The study, led by Ronald Kessler, aHarvard professor of health care policy, also said the condition may predispose people to other forms of mental illness and to alcohol and drug abuse.

"It is news to a lot of people even who are specialists in mental health services that such a large proportion of the population has these clinically significant anger attacks," said Dr. Kessler, who has a doctorate in sociology.

The study, funded by the National Institute of Mental Health, was based on a national survey of 9,282 U.S. adults who answered diagnostic questionnaires in 2001-03.

It doesn't take a Harvard study to convince Jonathan Campbell, owner of Campbell Couriers of Dallas, that sudden outbursts of rage are more common than most people suspect.

"If you're out, you probably see it every day," said Mr. Campbell, who drives 300 to 400 miles a day delivering messages and parcels. "You see people driving totally erratically, almost clipping off cars to get where they need to go, driving on the shoulder. Usually you'll see them in a wreck later on."

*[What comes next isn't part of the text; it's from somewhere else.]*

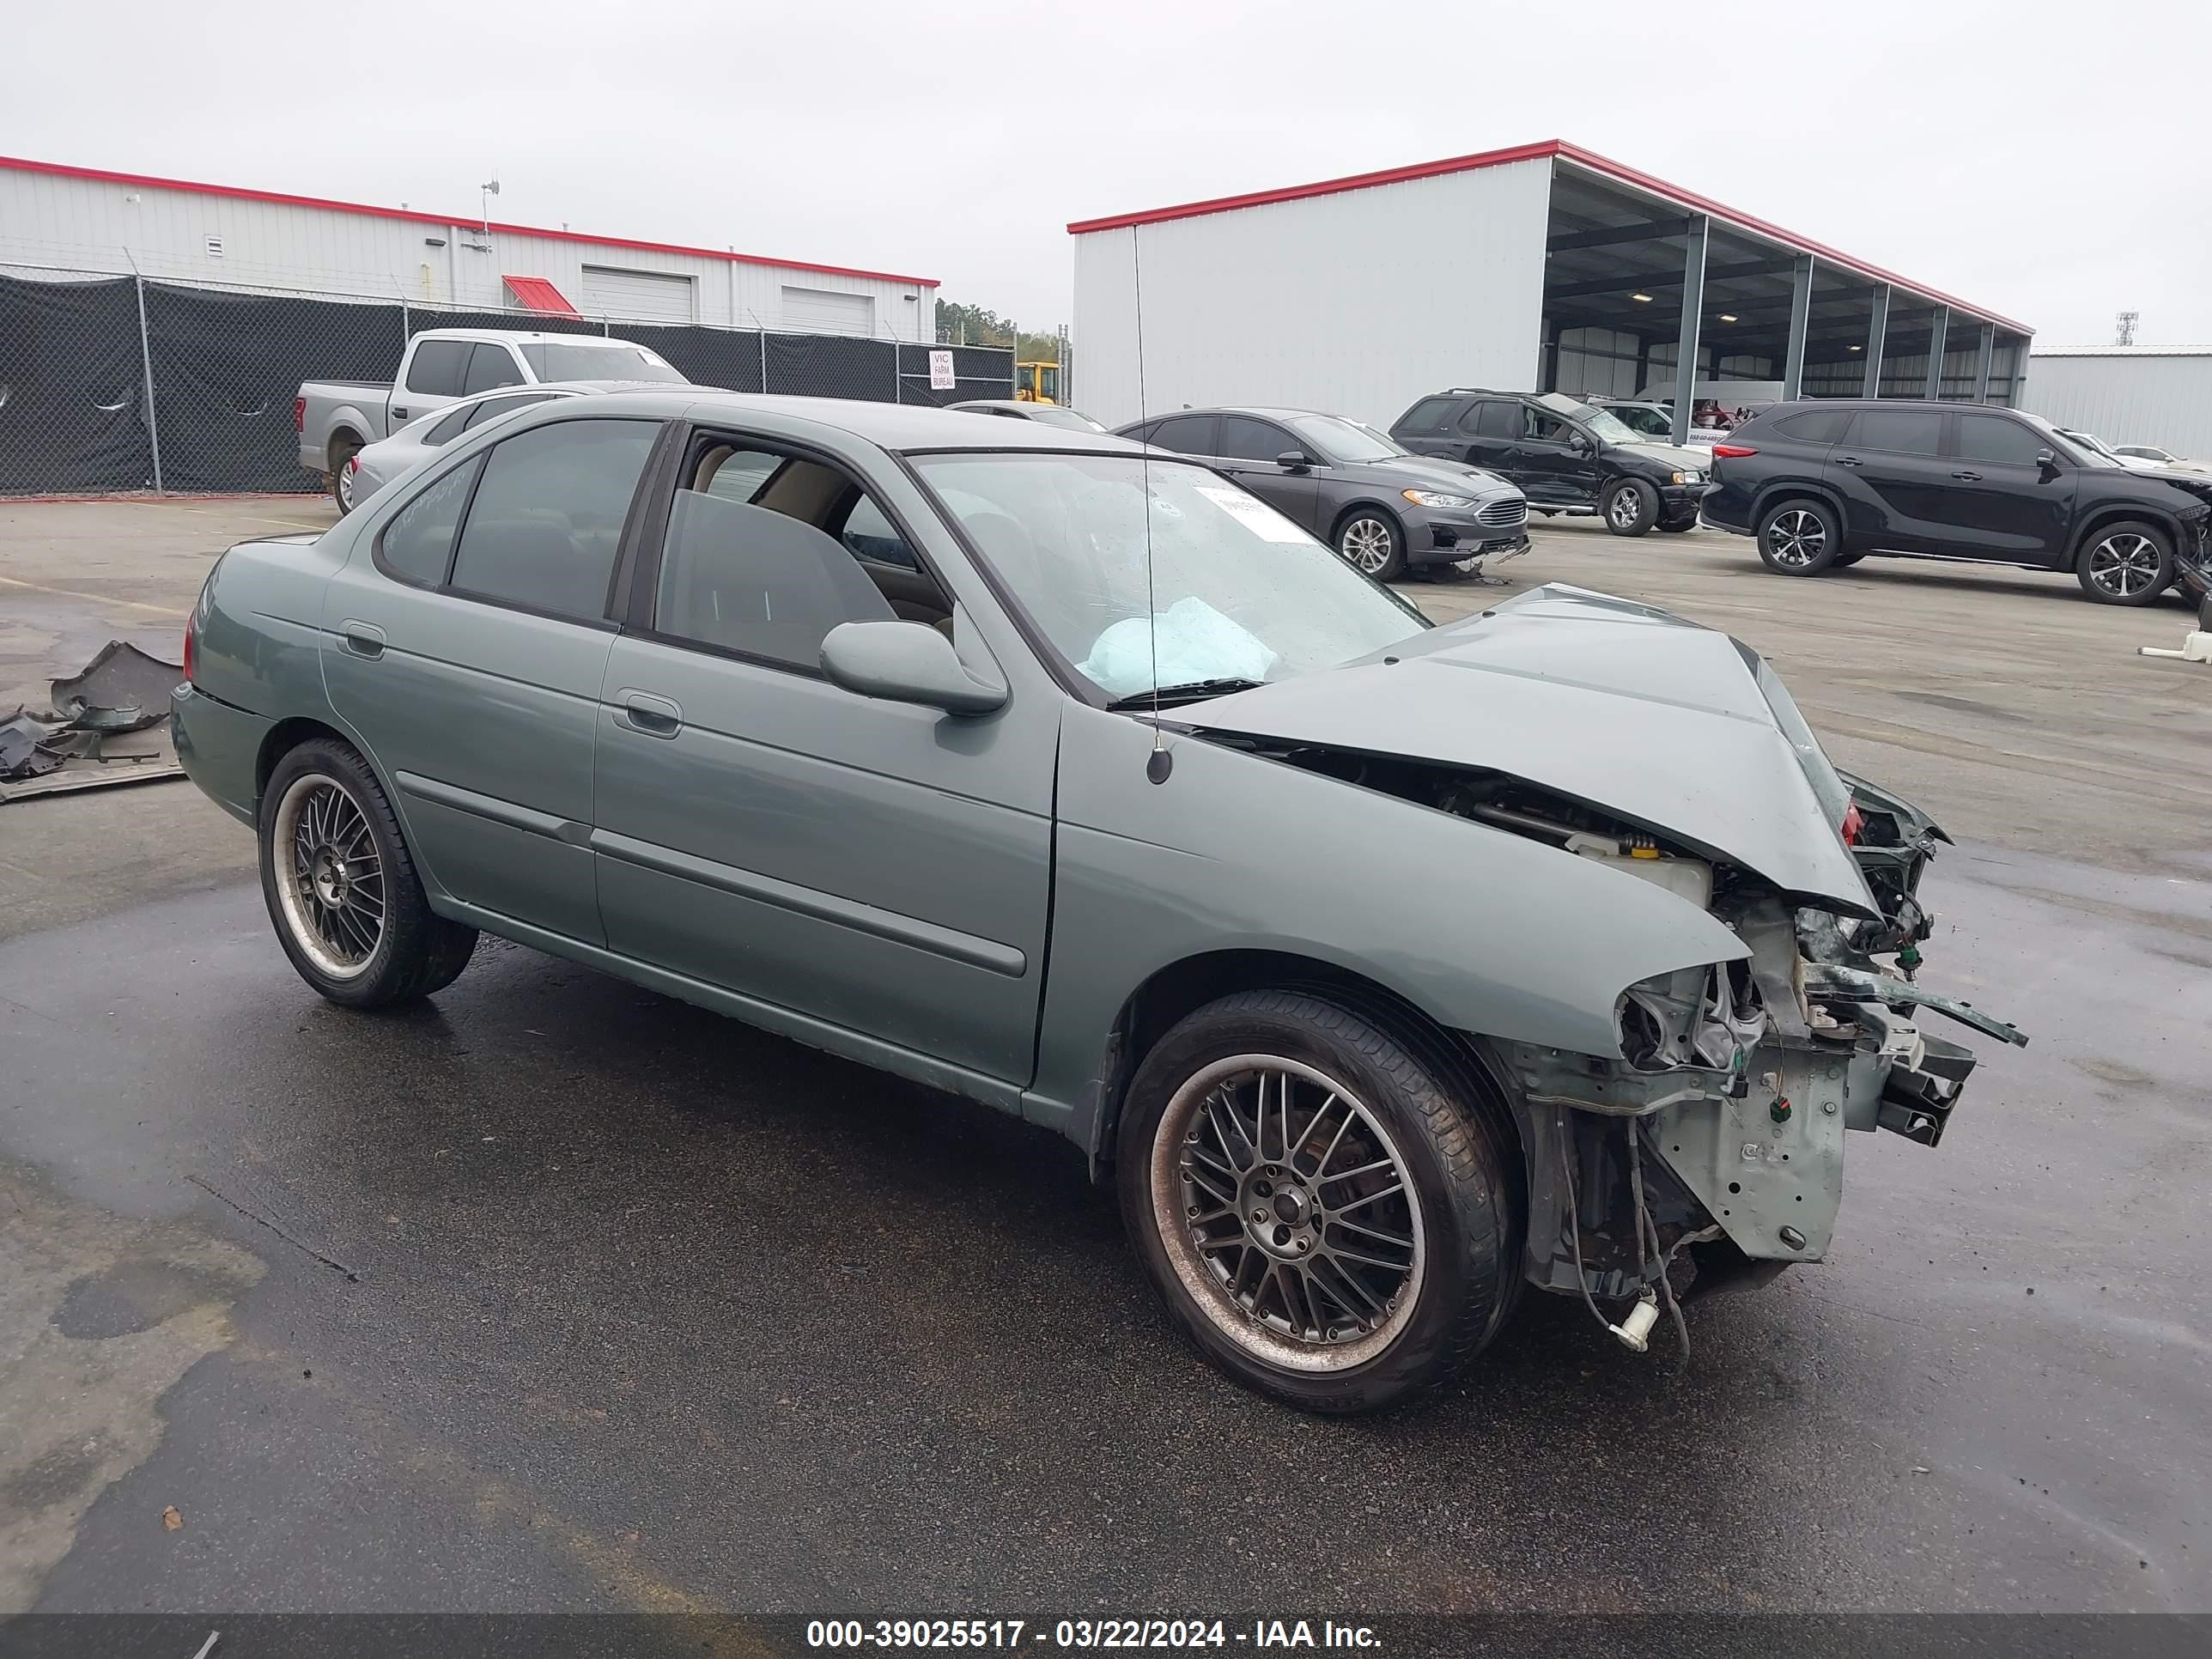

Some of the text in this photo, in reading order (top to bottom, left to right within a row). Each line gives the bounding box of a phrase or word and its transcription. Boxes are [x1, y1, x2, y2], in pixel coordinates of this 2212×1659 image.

[934, 355, 949, 363] VIC
[934, 365, 950, 374] FARM
[933, 378, 953, 386] BUREAU

One of his drivers said he recently saw one motorist moon another in outrage.

Sometimes the results are more tragic: accidents or shootings sparked by anger.

Mr. Campbell suspects that something may lie behind the rage other than just clogged traffic or some trivial incident. "You never know what else is going on in that person's mind."

According to mental health experts, he's right.

The uncontrollable rage that marks intermittent explosive disorder is out of all proportion to the situations that trigger it, according to the Diagnostic and Statistical Manual of Mental Disorders, a 900-page desk reference on mental illness.

The manual's current edition, published in 1994, lists the disorder as "apparently rare."

Intermittent explosive disorder has been around a long time, says Dr. Joel Holiner, a Dallas psychiatrist and executive medical director of Green Oaks Hospital. "Counseling professionals and psychiatrists have been aware of it for many years."

The difference now, he says, it that new studies such as Harvard's indicate that the disorder is more common than once thought, "because it involves violence, particularly in young people."

Society is more focused on violence than it used to be, Dr. Holiner says. Because violence these days is often more lethal than in the days when a couple of kids just duked it out behind the school, people are no longer interested in explaining it away, he said.

"There is less tolerance of violence," he said. "We think, 'Gosh, if a kid goes and slugs somebody over some minor insult, is that going to be the kid who brings a rifle to school, or a handgun?' "

Ephrem Fernandez, a Southern Methodist University professor of clinical psychology, likens intermittent explosive disorder to kleptomania, pyromania and similar compulsive problems.

"It's an impulse-control disorder," he said.

Dr. Fernandez treats the disorder with vaSious anger management techniques such as deep breathing, muscle relaxation, distraction and learning to recognize and control the early phases of anger before it explodes into rage.

Dr. Holiner said psychological counseling and mood-stabilizing drugs may prove helpful.

"No one really knows what the cause is," he said.